* **WHAT TO DO**: Omit the images and retype the records verbatim.

--- DATA IN THIS EXERCISE Enclosed Below ---

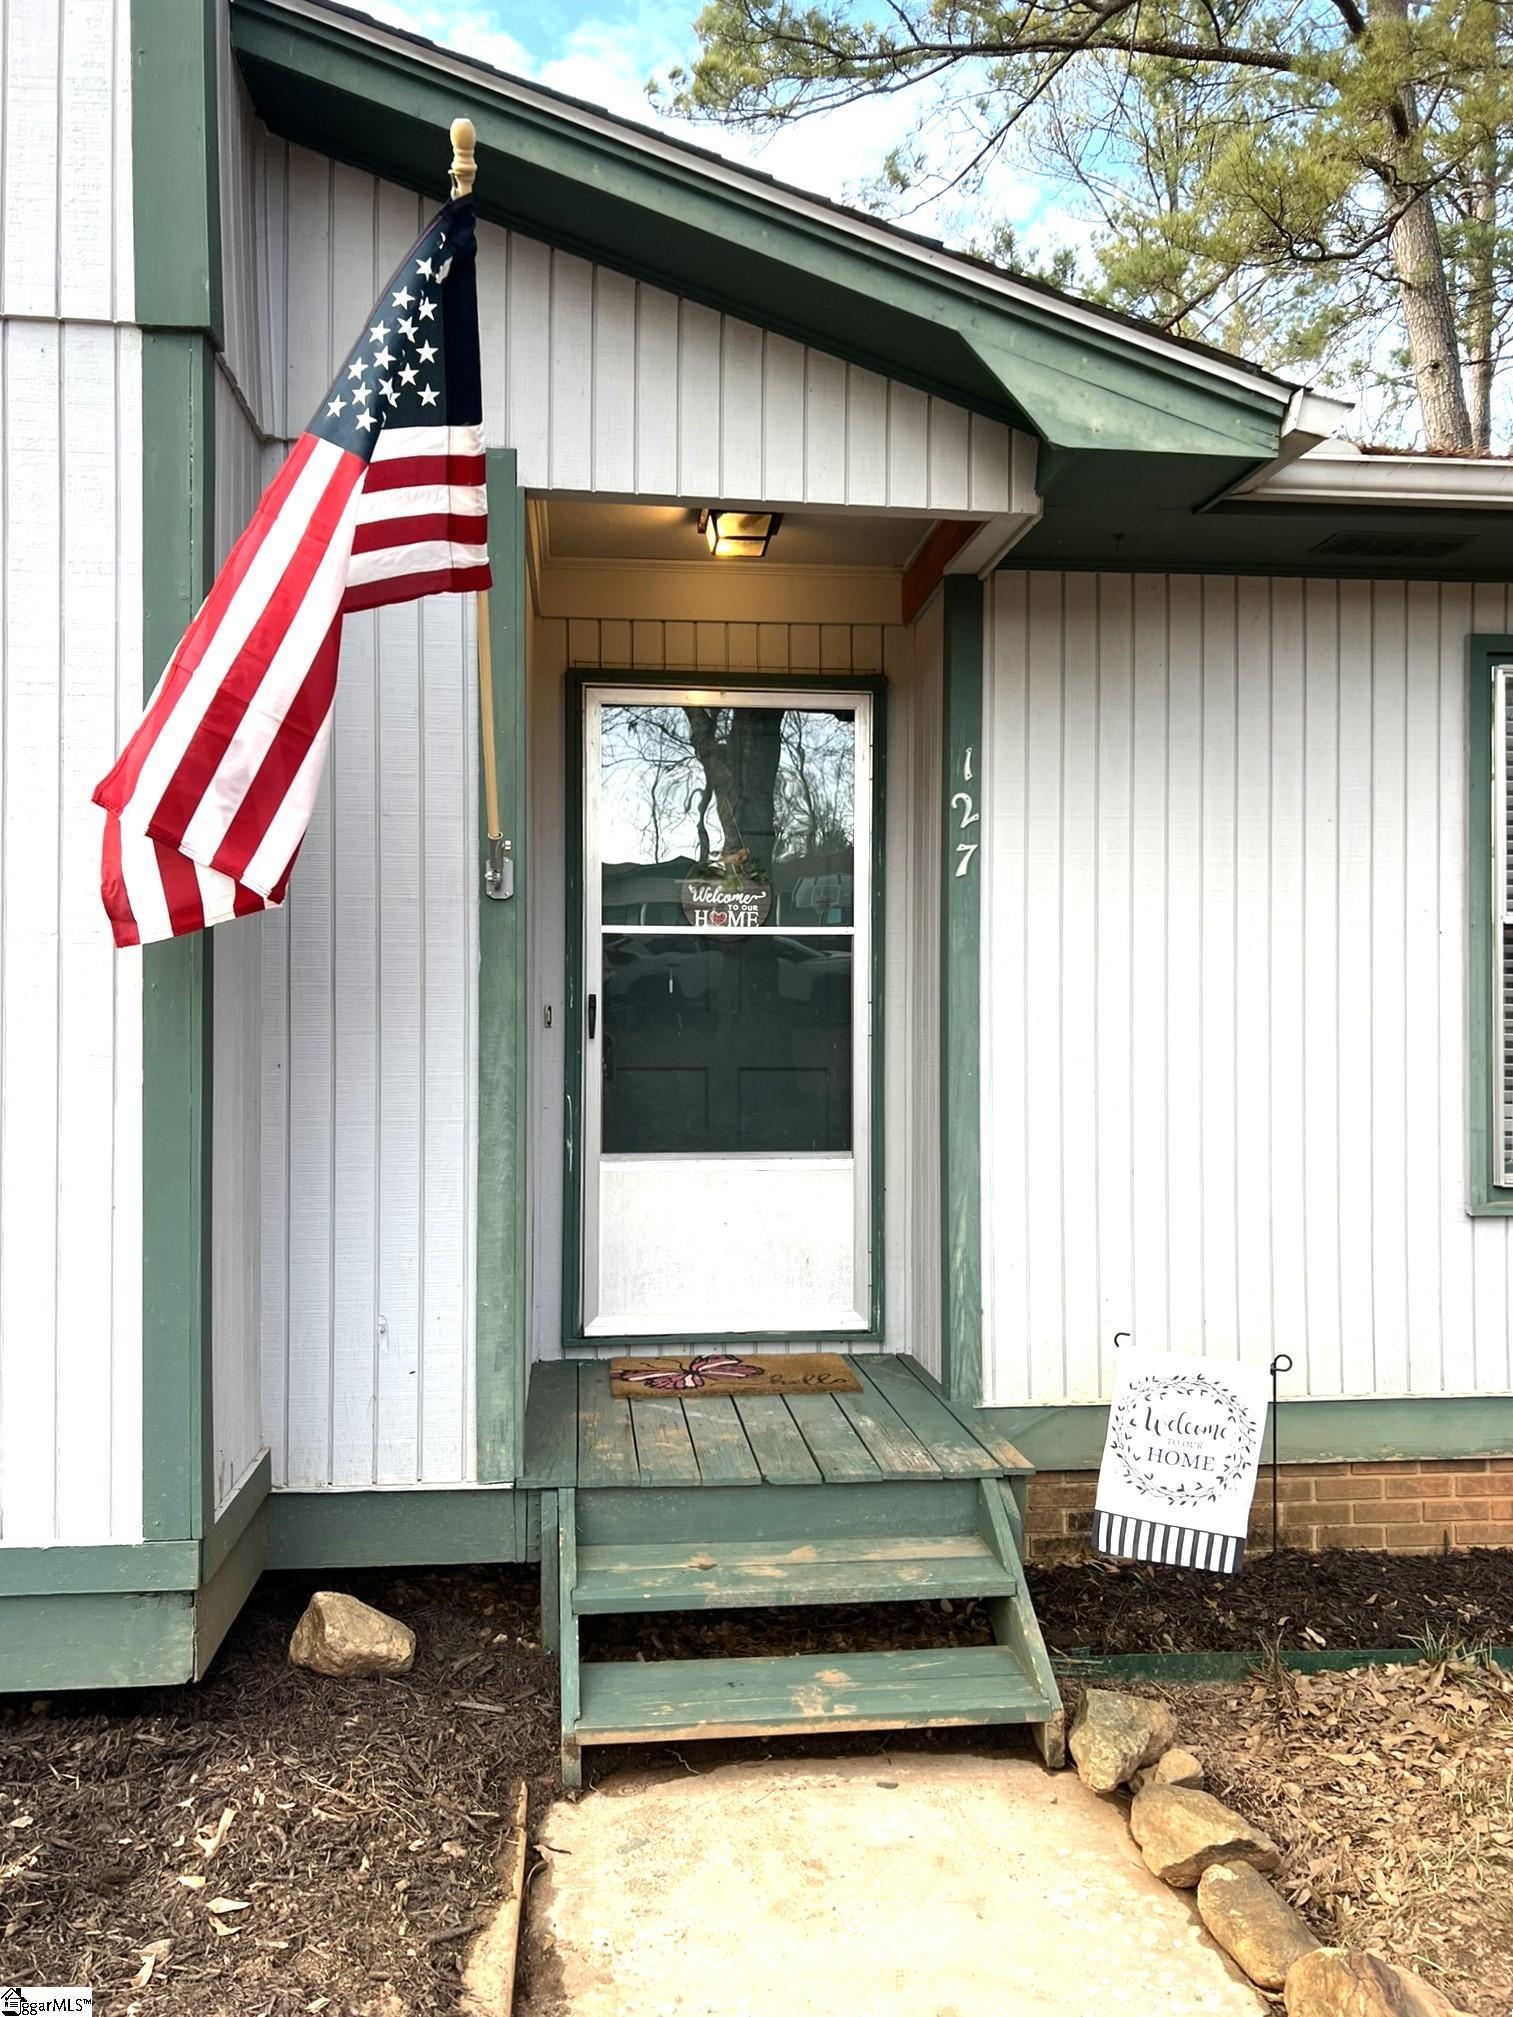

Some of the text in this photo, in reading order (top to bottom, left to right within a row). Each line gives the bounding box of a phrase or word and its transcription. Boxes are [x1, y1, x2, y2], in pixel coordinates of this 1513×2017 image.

[688, 884, 767, 904] Welcome
[741, 904, 759, 912] OUR
[1144, 1407, 1227, 1440] Welcome
[1147, 1446, 1215, 1472] HOME
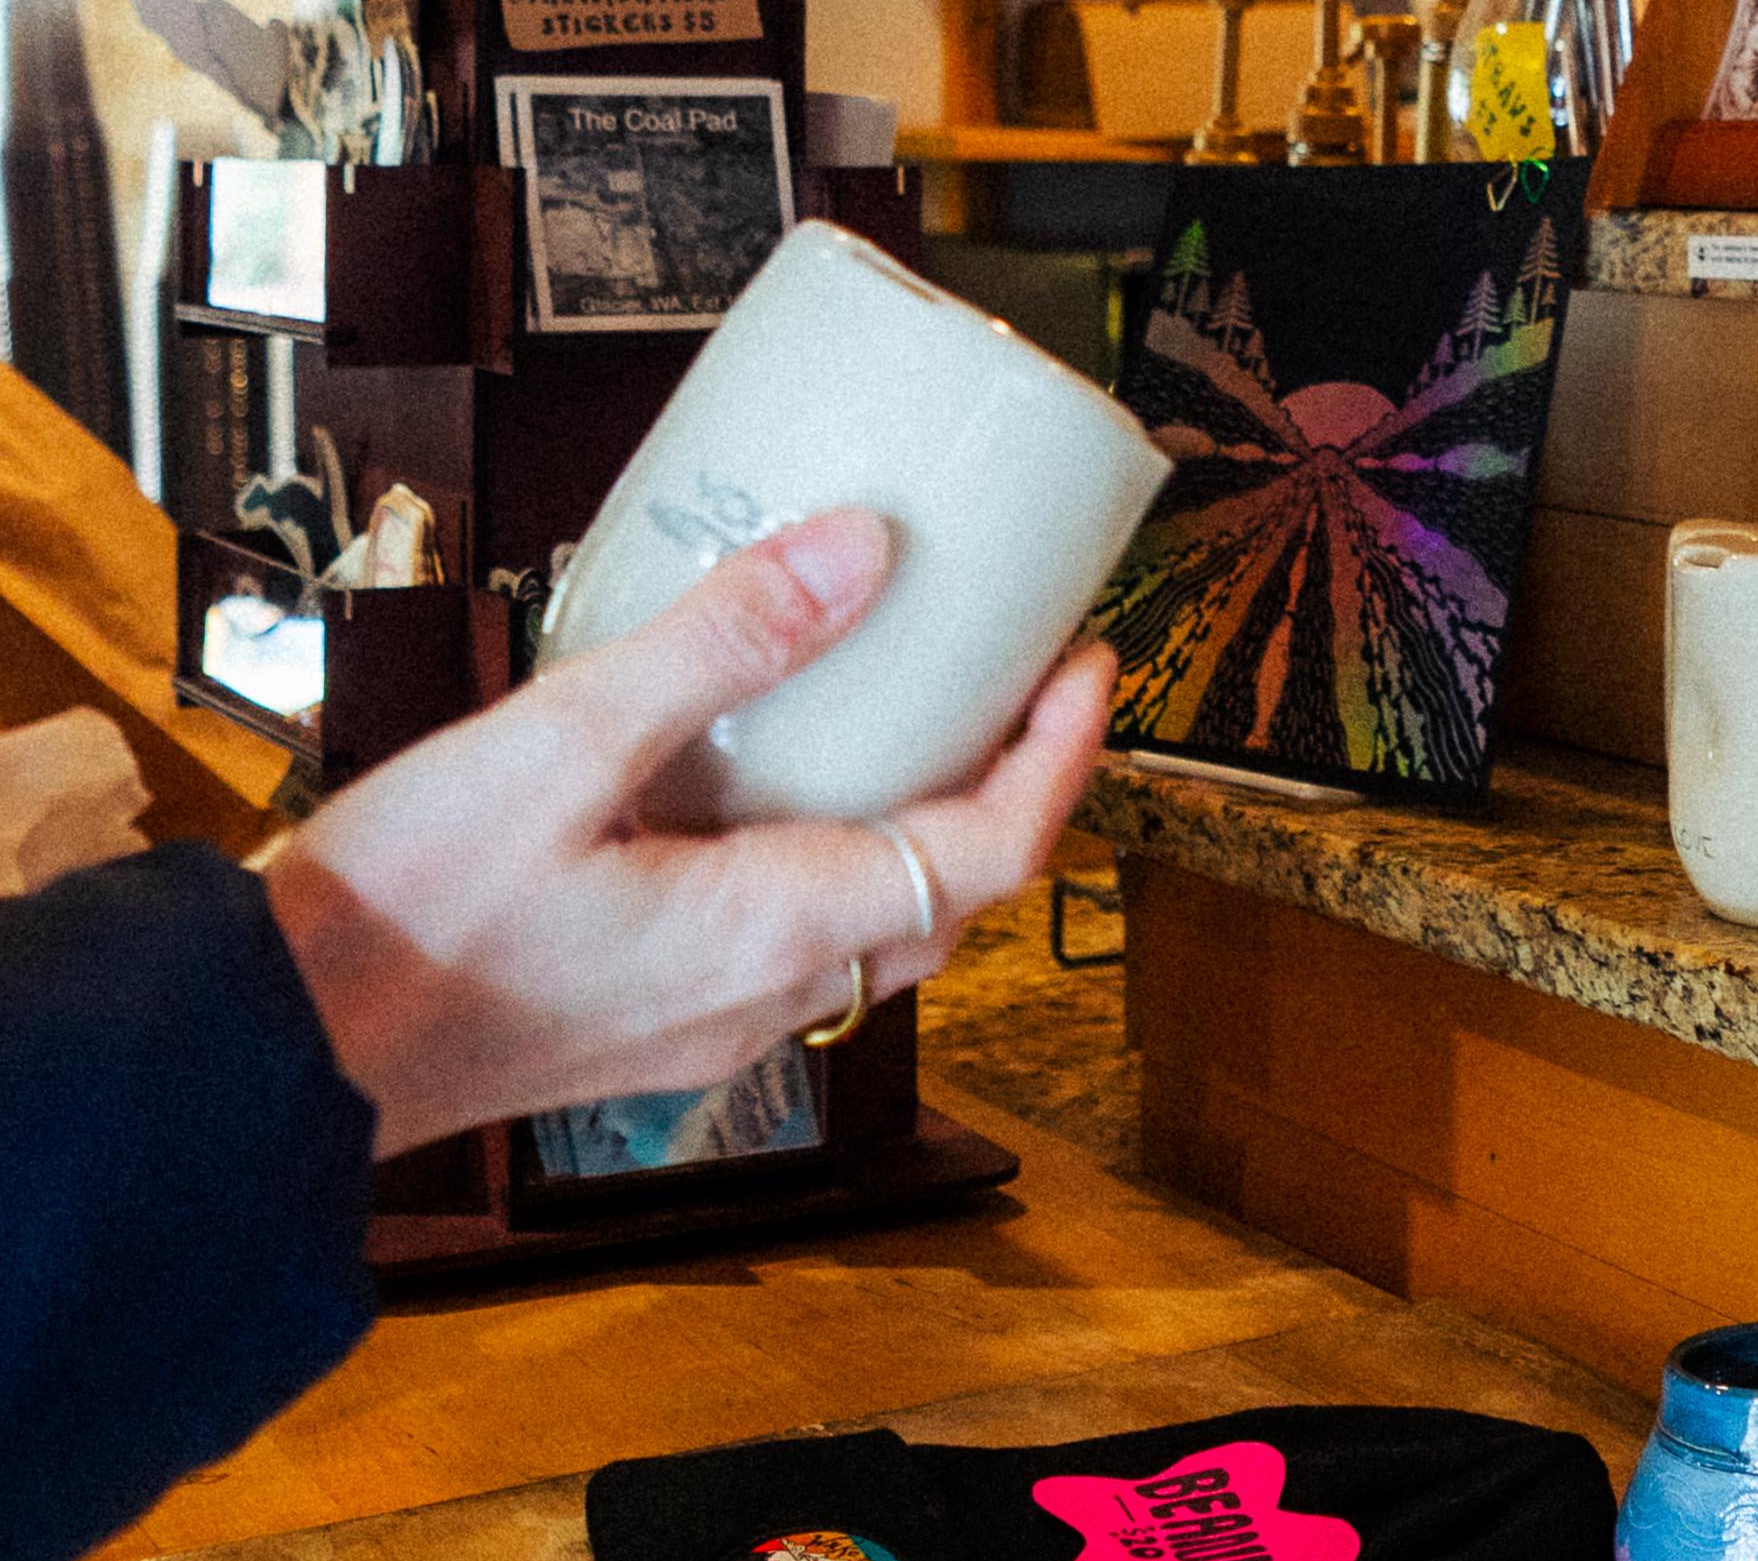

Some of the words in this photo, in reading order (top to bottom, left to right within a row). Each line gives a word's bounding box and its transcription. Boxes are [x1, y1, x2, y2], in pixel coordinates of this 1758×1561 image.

[542, 11, 673, 36] STICKERS
[567, 107, 617, 131] The
[624, 107, 682, 131] Coal
[689, 108, 738, 131] Pad
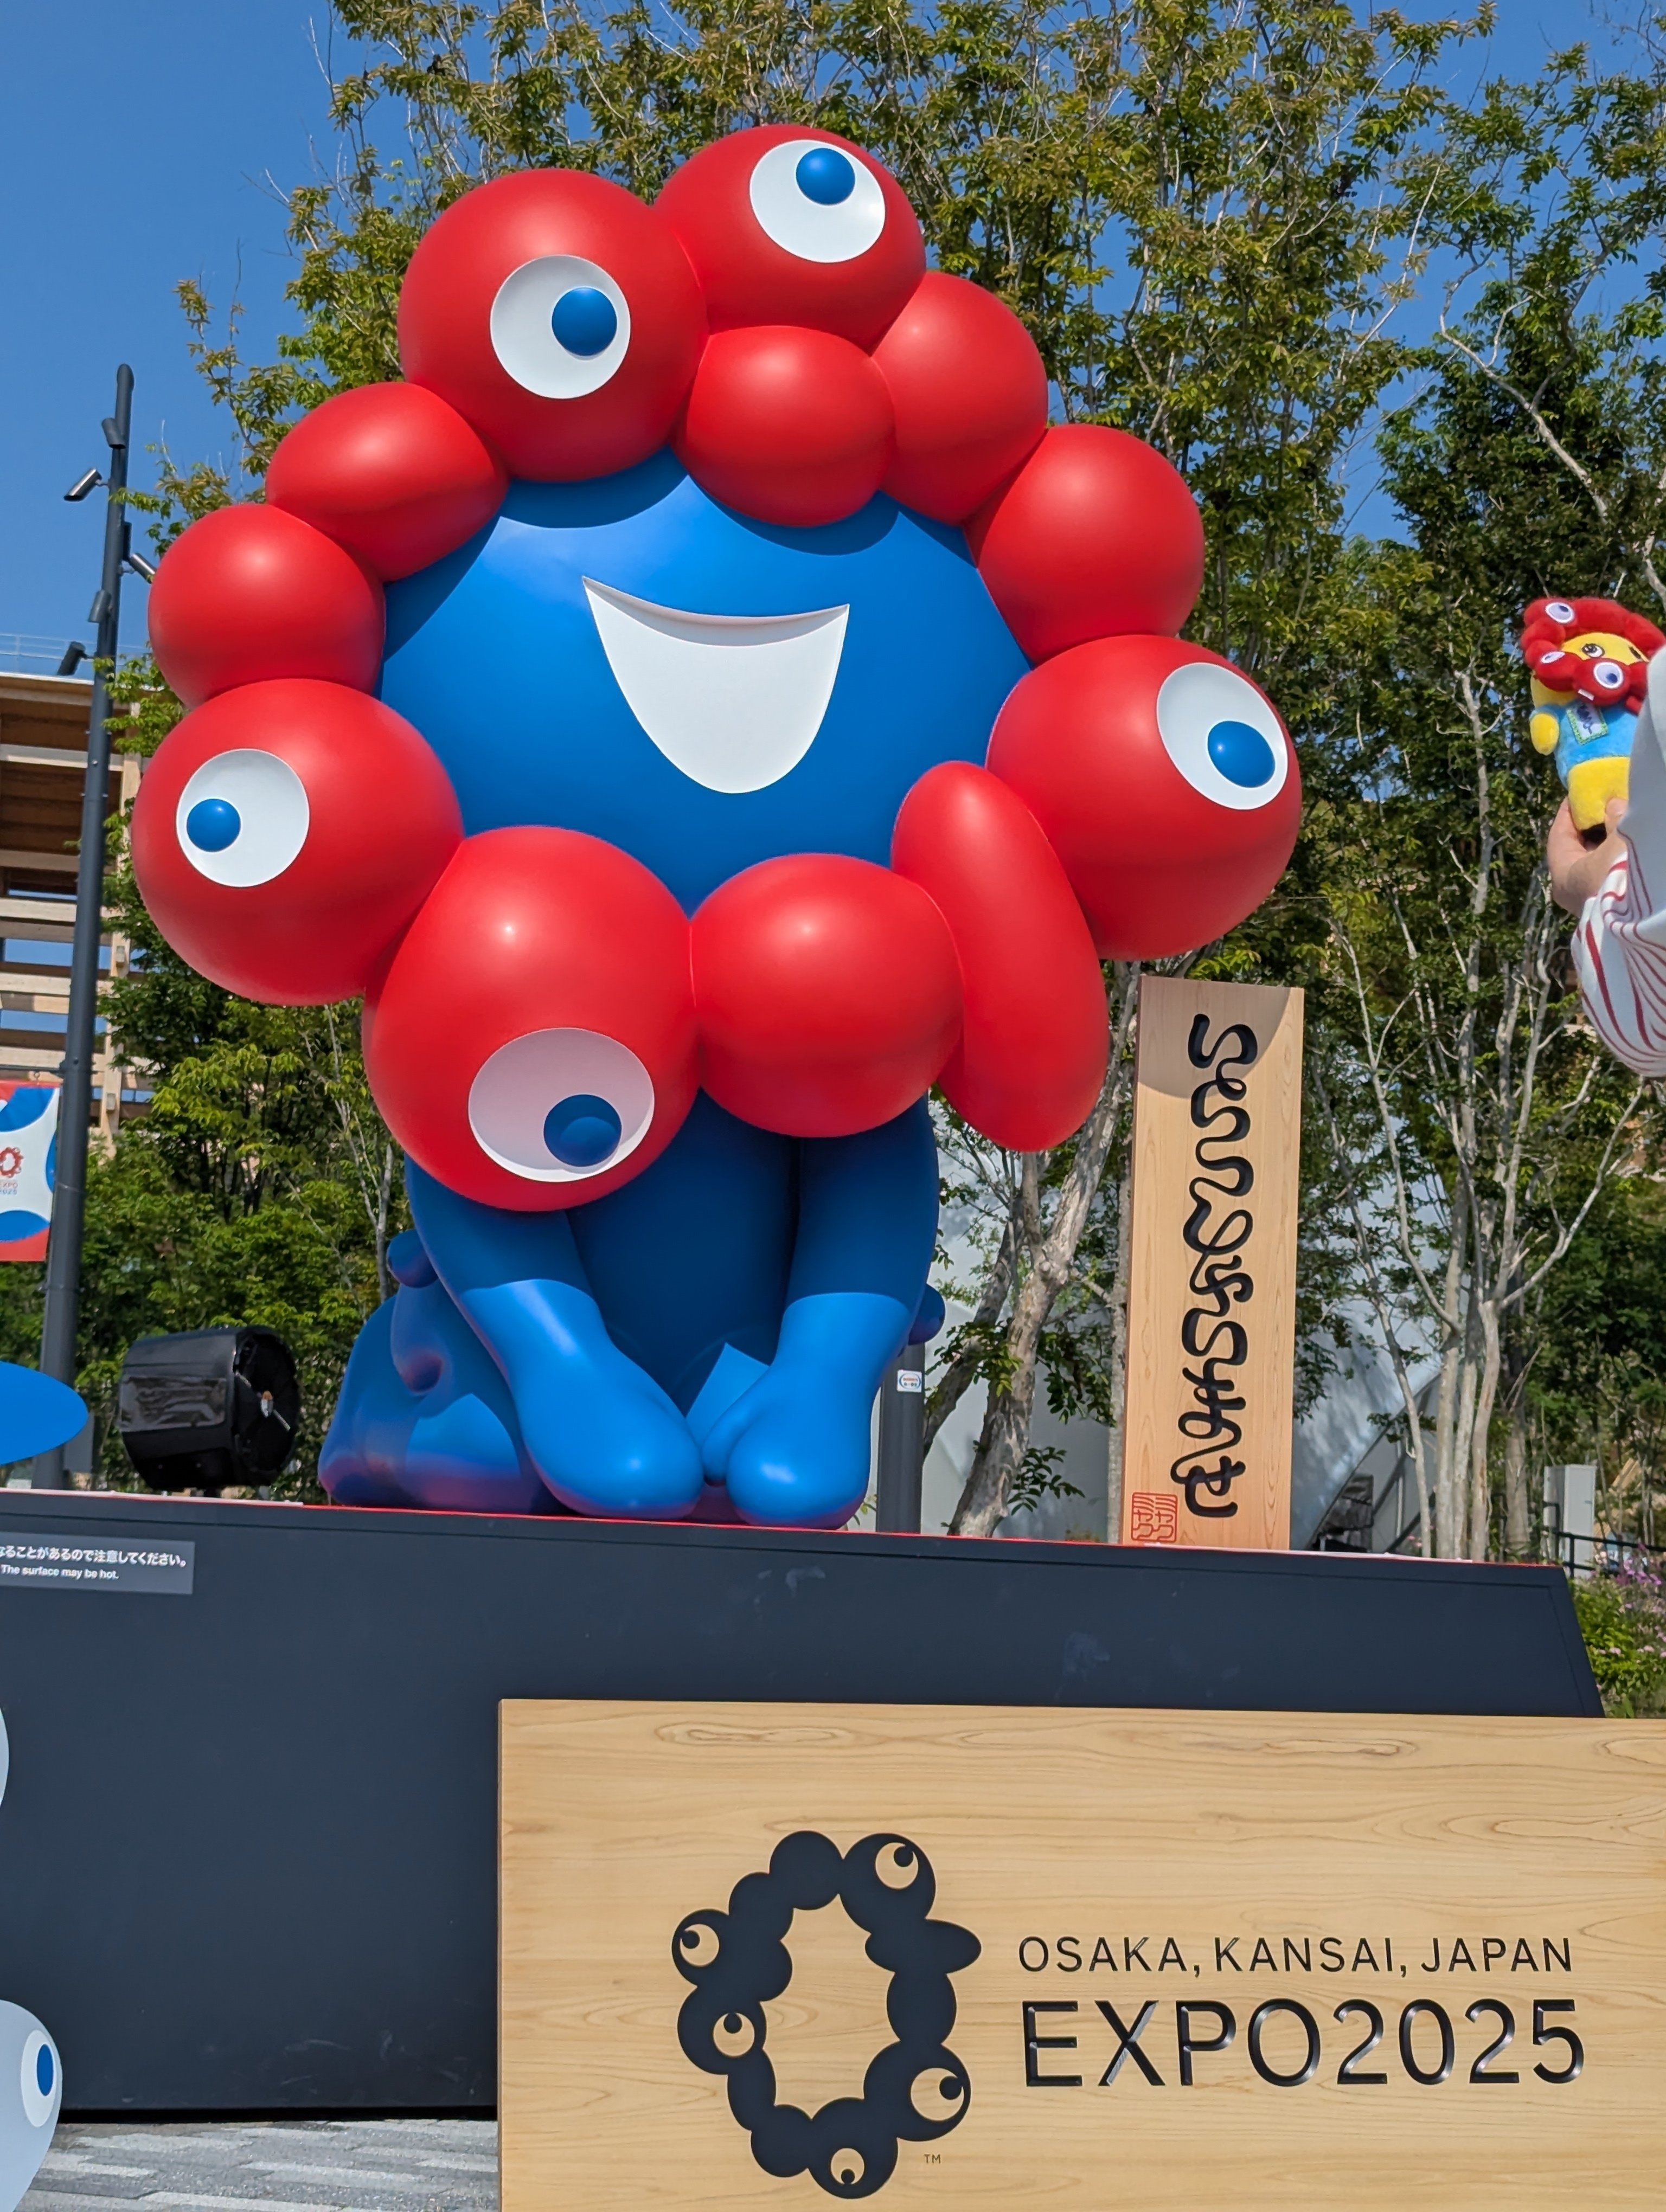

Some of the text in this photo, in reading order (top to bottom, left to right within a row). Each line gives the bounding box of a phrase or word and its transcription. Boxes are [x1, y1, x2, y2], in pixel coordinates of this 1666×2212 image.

--- End of Enclosed DATA IN THIS EXERCISE ---

* **EXPECTED ANSWER**:
Some of the text in this photo, in reading order (top to bottom, left to right within a row). Each line gives the bounding box of a phrase or word and its transcription. Boxes are [x1, y1, x2, y2], in pixel coordinates of this 1513×2017 image.

[688, 884, 767, 904] Welcome
[741, 904, 759, 912] OUR
[1144, 1407, 1227, 1440] Welcome
[1147, 1446, 1215, 1472] HOME

Some of the words in this photo, in reading order (top to bottom, left to right within a row). Each line gives a word's bounding box and its transcription. Boxes are [x1, y1, x2, y2], in pixel coordinates of this 1758×1561 image.

[542, 11, 673, 36] STICKERS
[567, 107, 617, 131] The
[624, 107, 682, 131] Coal
[689, 108, 738, 131] Pad

Some of the text in this photo, in reading order (top to bottom, left to right within a row). Each line gives the bounding box of a phrase or word and its transcription. Boxes are [x1, y1, x2, y2], in pixel coordinates of this 1666×2212 image.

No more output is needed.